- INFORMATION SUPPLIED -
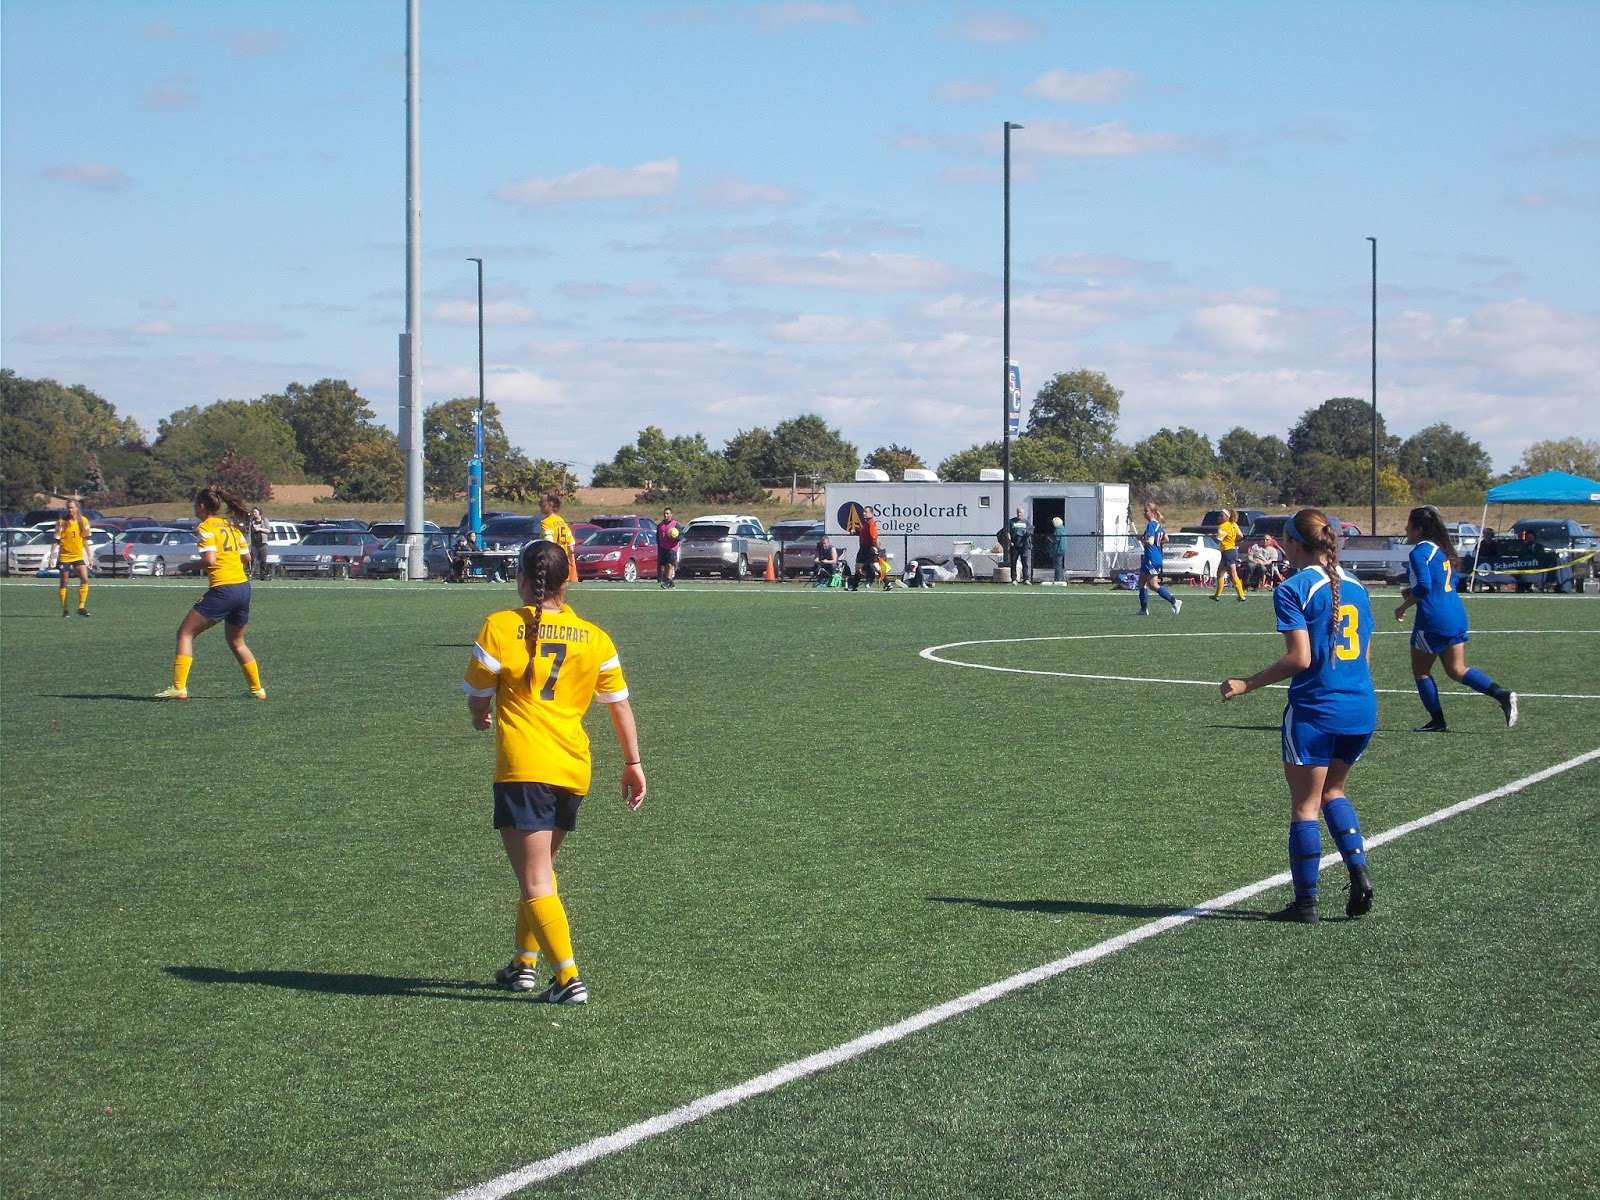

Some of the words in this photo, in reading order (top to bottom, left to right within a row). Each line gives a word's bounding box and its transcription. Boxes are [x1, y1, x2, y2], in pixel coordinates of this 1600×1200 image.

[873, 503, 968, 517] Schoolcraft
[71, 531, 76, 539] 3
[220, 527, 238, 552] 21
[1494, 559, 1539, 569] Schoolcraft
[516, 624, 589, 643] SOOLCRAFT
[1336, 604, 1361, 661] 3
[540, 642, 567, 700] 7

- EXERCISE DETAILS -
Leave the pictures aside and give every entry above again word for word.

- EXERCISE ANSWER -
Some of the words in this photo, in reading order (top to bottom, left to right within a row). Each line gives a word's bounding box and its transcription. Boxes are [x1, y1, x2, y2], in pixel coordinates of this 1600×1200 image.

[873, 503, 968, 517] Schoolcraft
[71, 531, 76, 539] 3
[220, 527, 238, 552] 21
[1494, 559, 1539, 569] Schoolcraft
[516, 624, 589, 643] SOOLCRAFT
[1336, 604, 1361, 661] 3
[540, 642, 567, 700] 7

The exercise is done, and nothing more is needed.